Later in the life cycle, Pastor found that plants in the higher-sulfate water produced fewer viable seeds for the following year.
Meanwhile, U of M researcher Amy Myrbo and a small army of graduate students paddled lakes and rivers across Minnesota to take water samples and measure the density of wild rice stands in nature.
Differences between lakes and streams
“We measured the heck out of stuff,” Myrbo said. The students captured almost 400 samples, and lab technicians analyzed nearly 400 factors. The detail was necessary because in nature, things are a lot more complicated than in stock tanks. For one thing, Myrbo found big differences between lakes and rivers. Some river stretches produce healthy stands of wild rice even with sulfate levels higher than the state standard. This is likely because the water is moving and well-oxygenated, the riverbed may be more gravel than muck, and the bacteria that convert sulfate to sulfide don’t thrive in those conditions.

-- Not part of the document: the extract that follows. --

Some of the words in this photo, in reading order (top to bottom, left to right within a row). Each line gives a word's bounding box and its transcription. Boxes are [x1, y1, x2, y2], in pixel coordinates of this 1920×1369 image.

But a real-world study can’t control for many of the factors that affect wild rice growth, such as changes in water levels, weather, and destructive pests. That’s why the research combined field surveys with lab experiments.
Nathan Johnson, who teaches civil engineering at the University of Minnesota Duluth, developed sophisticated new techniques to delve into the water chemistry in the top 10 inches of sediment, where plants root themselves. In Pastor’s tanks, Johnson found a direct correlation between sulfate in the surface water and sulfide in the porewater, the water that flows between the sediment particles and supplies the roots with nutrients (and poisons). And Johnson found a similar pattern when he studied a couple of Myrbo’s lakes and rivers.

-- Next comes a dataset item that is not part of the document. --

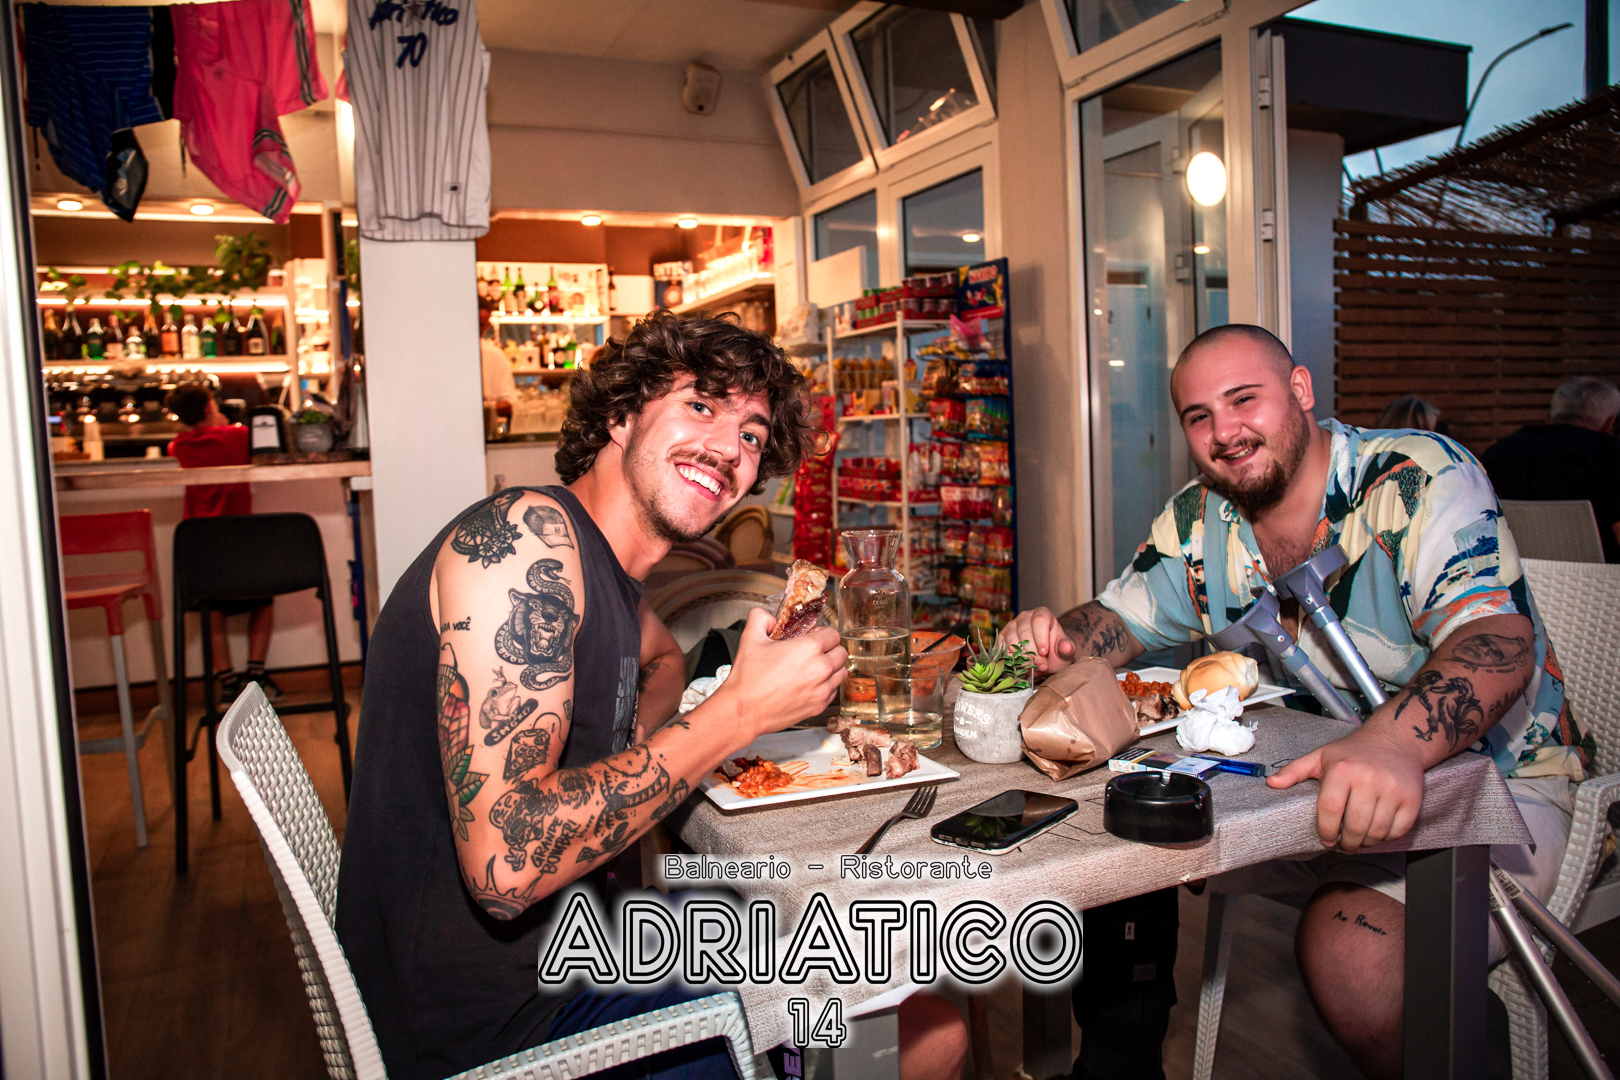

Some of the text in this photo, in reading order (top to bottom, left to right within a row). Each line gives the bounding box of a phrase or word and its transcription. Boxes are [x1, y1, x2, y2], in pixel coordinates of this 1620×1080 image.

Johnson and a graduate student also looked into the effect of temperature on sulfate behavior. The existing wild rice standard applies to “water used for production of wild rice during periods when the rice may be susceptible to damage by high sulfate levels.” Some have suggested that if mine wastewater were dumped into streams only in the winter, it might not harm the rice. Johnson found that even at winter temperatures, most of the sulfate that moved into sediments changed into sulfide.
Perhaps not surprisingly, the vast majority of the sulfate, in warm weather or cold, remains in the water and gets flushed downstream. But there may be wild rice beds downstream too. For example, the St. Louis River estuary – the ultimate destination of most rivers that drain the taconite mining area — was once rich with wild rice, and the plant can still be found in some backwater bays.
MPCA to make preliminary recommendation
The MPCA’s initial analysis will include a preliminary recommendation as to whether the new science suggests there’s a reason to change the standard, and if so, in what direction and by how much. It will also address the differences between lakes and rivers, and the question of cold-weather sulfate behavior.
After making an initial analysis, the agency plans to continue consulting with its advisory group and other stakeholders before a final decision is made. If the standard is to change, the rulemaking process requires public input, and the final standard must be approved by the federal Environmental Protection Agency.
The standard has only been enforced once in its 40-year history. But tribal groups have long complained that important wild rice beds they’ve used for generations are declining. Wildlife groups are also concerned because wild rice is a prime food for migrating waterfowl. Several years ago, after prodding by environmental and tribal groups, the MPCA began asking mining companies to monitor sulfate levels in their wastewater effluent. The agency plans to begin requiring companies to meet the standard when their permits come up for renewal.
Stephanie Hemphill, an environmental reporter who recently retired from MPR, is a freelance writer based in Duluth.